THE PROBLEM. Reproduce exactly the line containing "this 2352×1568 image." and every line after it, through the last line of the records below; add nothing.
-*-*-
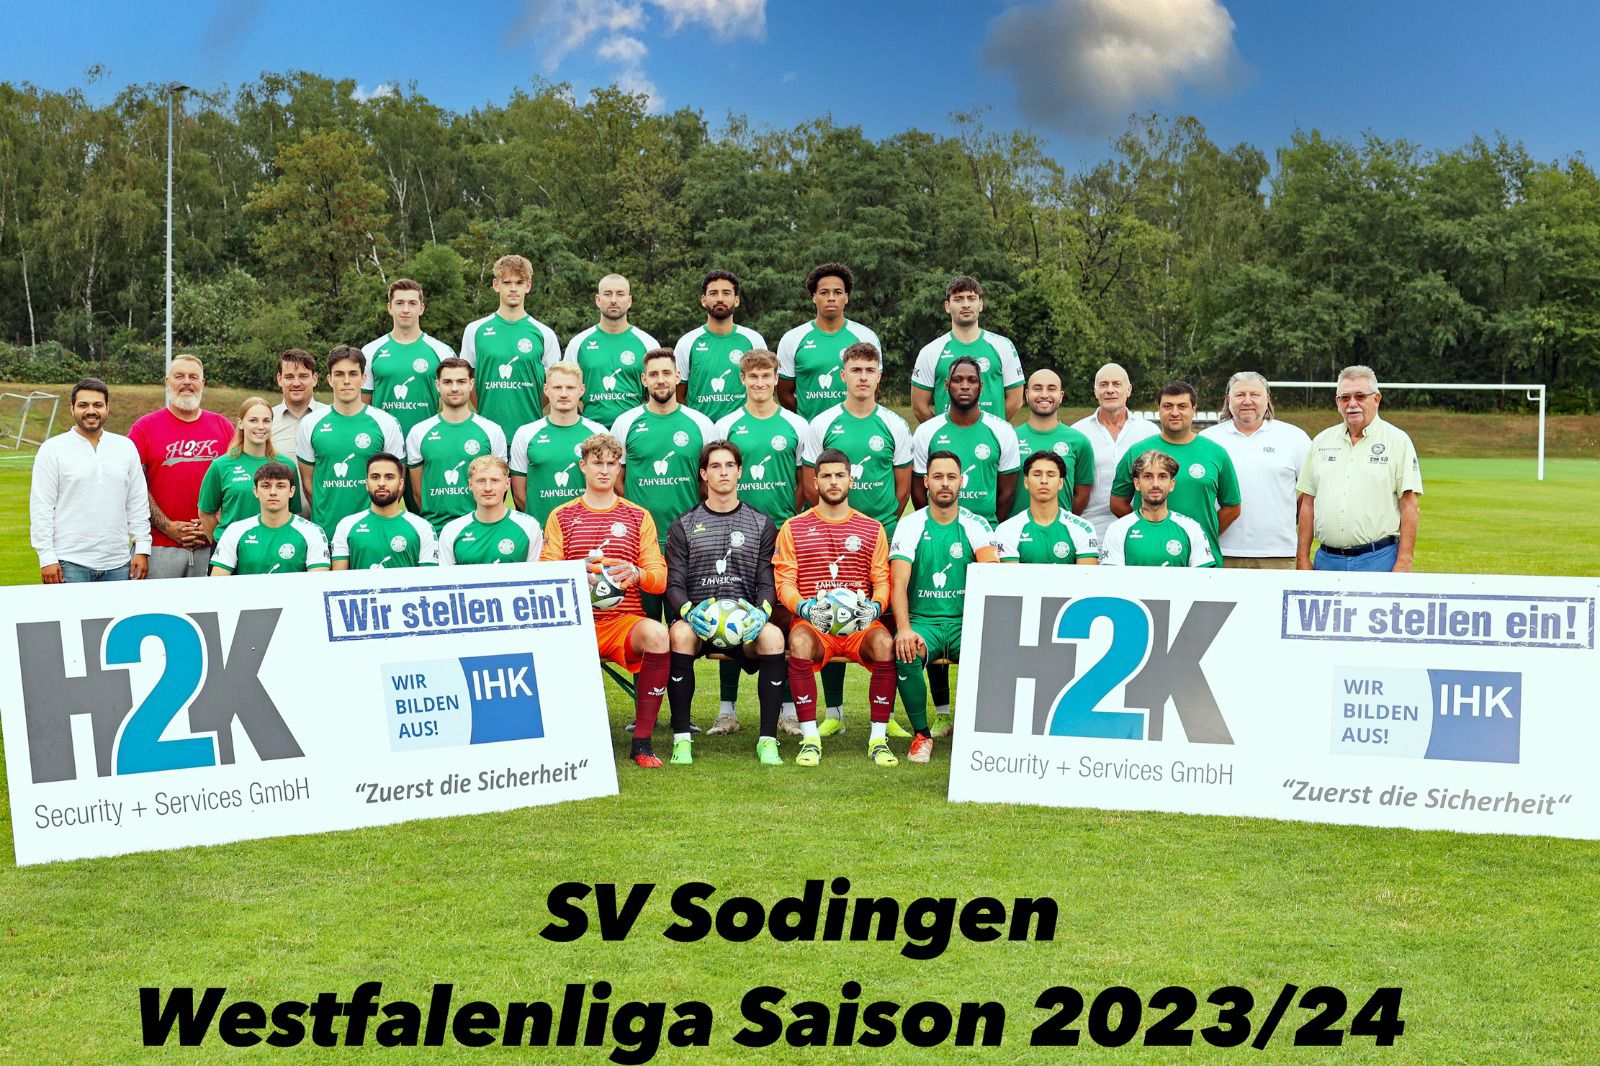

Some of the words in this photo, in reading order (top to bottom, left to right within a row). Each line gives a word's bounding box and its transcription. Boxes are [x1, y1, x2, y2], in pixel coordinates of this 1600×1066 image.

[165, 439, 218, 459] H2K
[430, 487, 469, 496] ZAHNBLICK
[638, 477, 678, 487] ZAHNBLICK
[736, 482, 775, 491] ZAHNBLICK
[540, 488, 579, 498] ZAHNBLICK
[918, 589, 956, 598] ZAHNBLICK
[338, 597, 392, 633] Wir
[402, 592, 504, 629] stellen
[512, 588, 567, 622] ein!
[1298, 599, 1358, 633] Wir
[1368, 601, 1492, 638] stellen
[1506, 605, 1577, 640] ein!
[974, 595, 1237, 745] H2K
[391, 674, 428, 692] WIR
[470, 666, 534, 703] IHK
[1343, 679, 1384, 696] WIR
[16, 608, 306, 784] H2K
[395, 694, 460, 716] BILDEN
[1440, 684, 1514, 719] IHK
[1343, 703, 1419, 722] BILDEN
[399, 720, 439, 740] AUS!
[1341, 727, 1389, 745] AUS!
[971, 750, 1050, 780] Security
[1057, 761, 1072, 776] +
[1079, 756, 1163, 782] Services
[1171, 760, 1233, 785] GmbH
[440, 774, 472, 796] die
[34, 800, 123, 830] Security
[132, 801, 148, 818] +
[155, 790, 243, 816] Services
[250, 776, 310, 806] GmbH
[1380, 785, 1418, 807] die
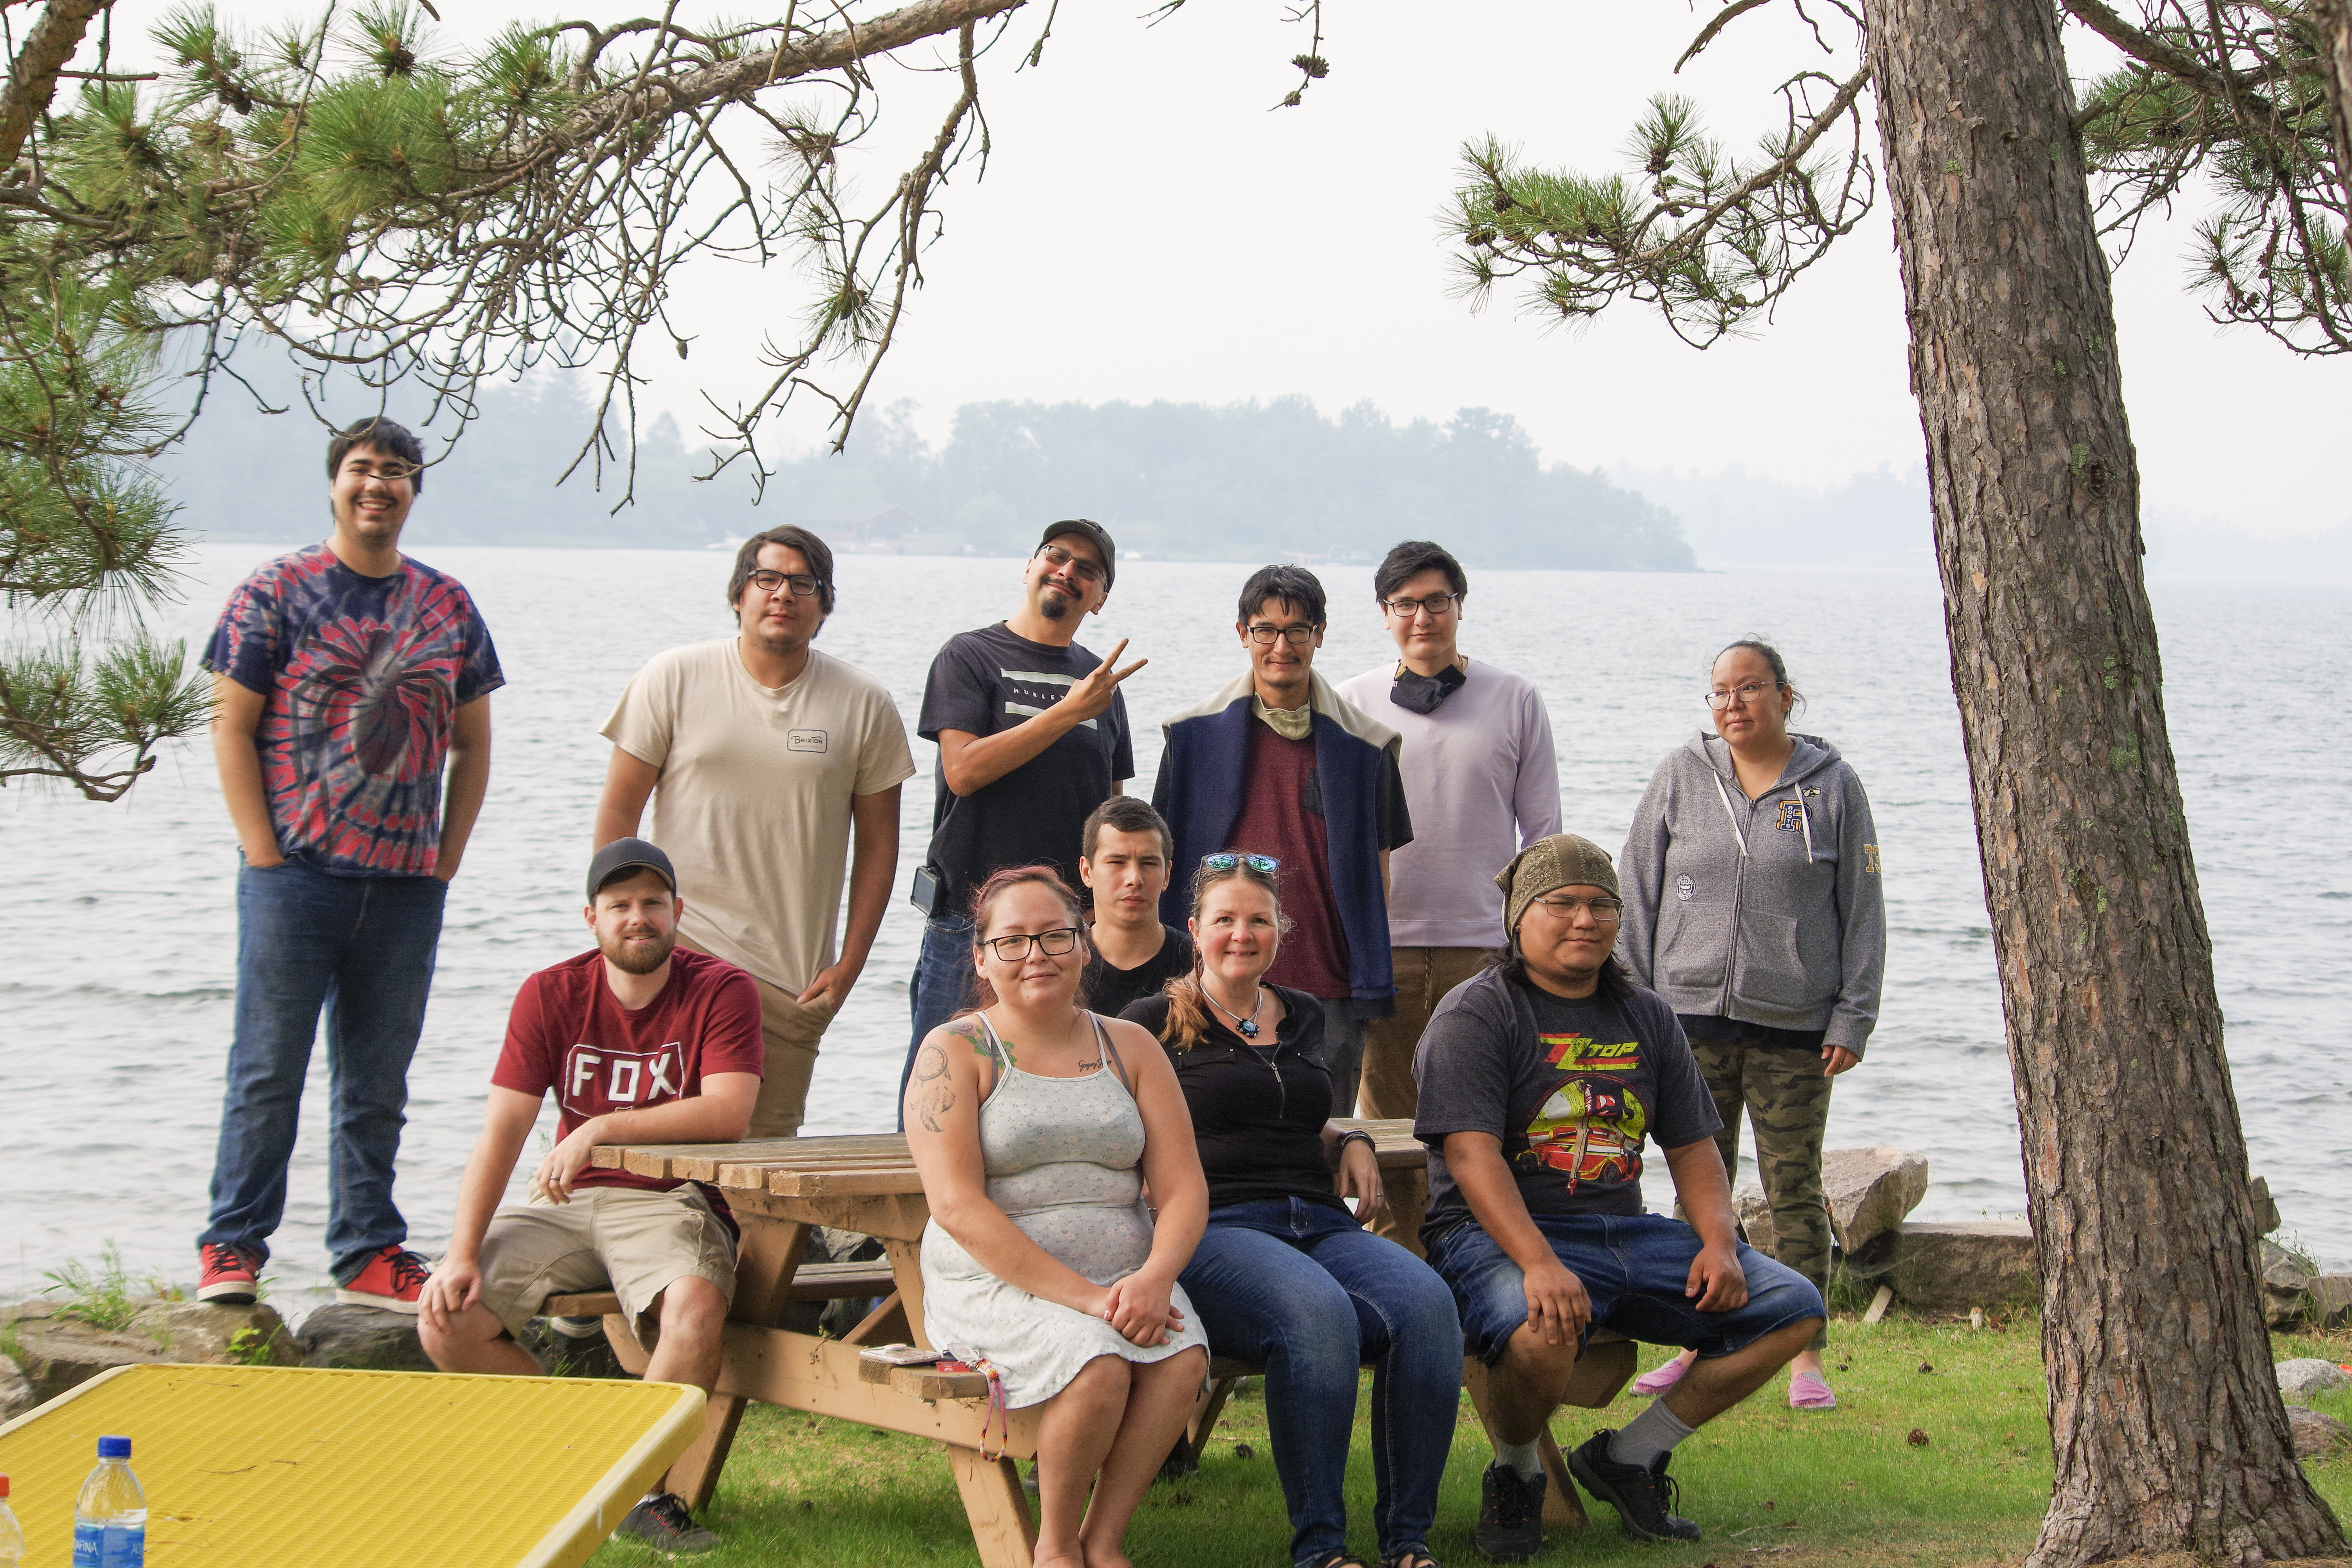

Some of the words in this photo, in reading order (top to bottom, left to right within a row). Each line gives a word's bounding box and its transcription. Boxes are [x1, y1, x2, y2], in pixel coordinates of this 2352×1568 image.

[1013, 688, 1065, 700] HURLEY
[791, 736, 822, 744] BRIXTON
[1587, 1042, 1639, 1057] TOP
[571, 1052, 677, 1102] FOX
-*-*-
ANSWER TO THE EXERCISE.
Some of the words in this photo, in reading order (top to bottom, left to right within a row). Each line gives a word's bounding box and its transcription. Boxes are [x1, y1, x2, y2], in pixel coordinates of this 2352×1568 image.

[1013, 688, 1065, 700] HURLEY
[791, 736, 822, 744] BRIXTON
[1587, 1042, 1639, 1057] TOP
[571, 1052, 677, 1102] FOX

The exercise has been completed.